_What this task involves_
Could you copy the data that follows exactly as written, but drop the pictures?

BEGIN Data

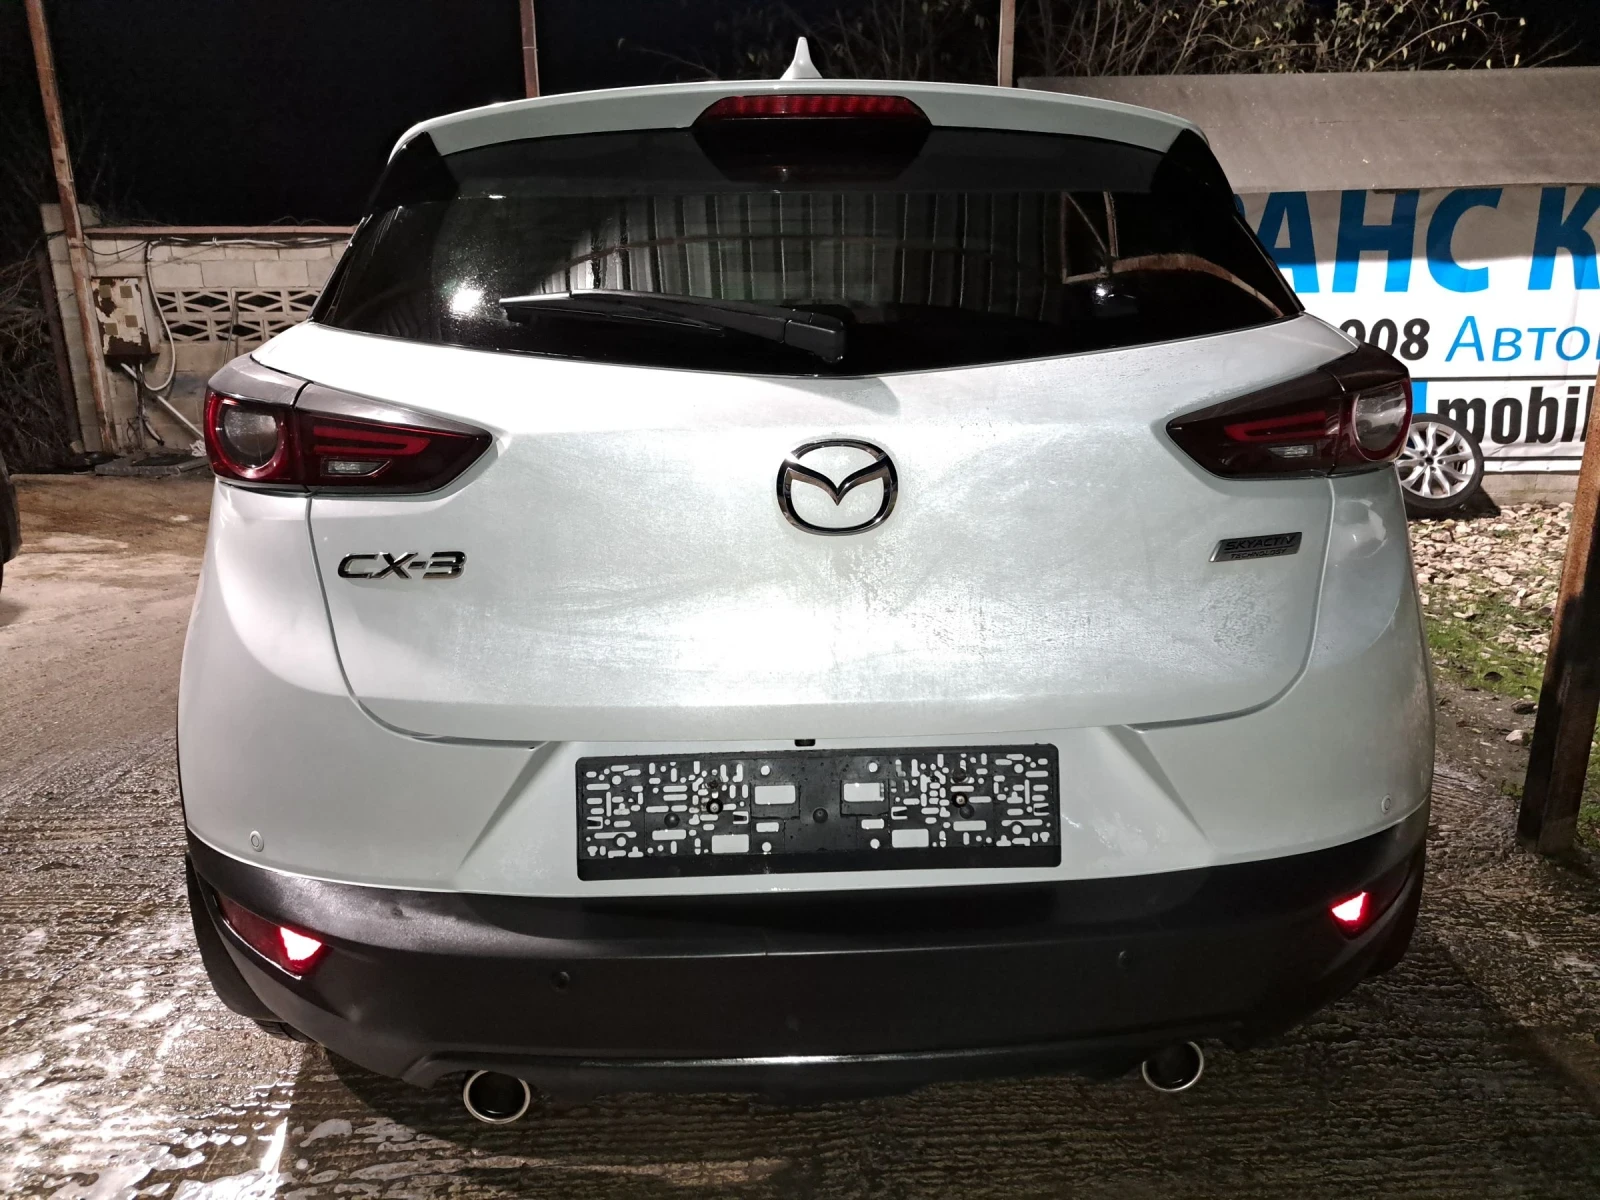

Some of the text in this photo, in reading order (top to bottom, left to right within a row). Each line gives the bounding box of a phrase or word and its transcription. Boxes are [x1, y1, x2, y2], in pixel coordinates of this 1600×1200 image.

[1234, 187, 1503, 293] АНС
[1444, 315, 1600, 362] Авто
[1224, 535, 1296, 551] SKYACTIV
[337, 550, 467, 580] CX-3

END Data

_Solution for this task_
Some of the text in this photo, in reading order (top to bottom, left to right within a row). Each line gives the bounding box of a phrase or word and its transcription. Boxes are [x1, y1, x2, y2], in pixel coordinates of this 1600×1200 image.

[1234, 187, 1503, 293] АНС
[1444, 315, 1600, 362] Авто
[1224, 535, 1296, 551] SKYACTIV
[337, 550, 467, 580] CX-3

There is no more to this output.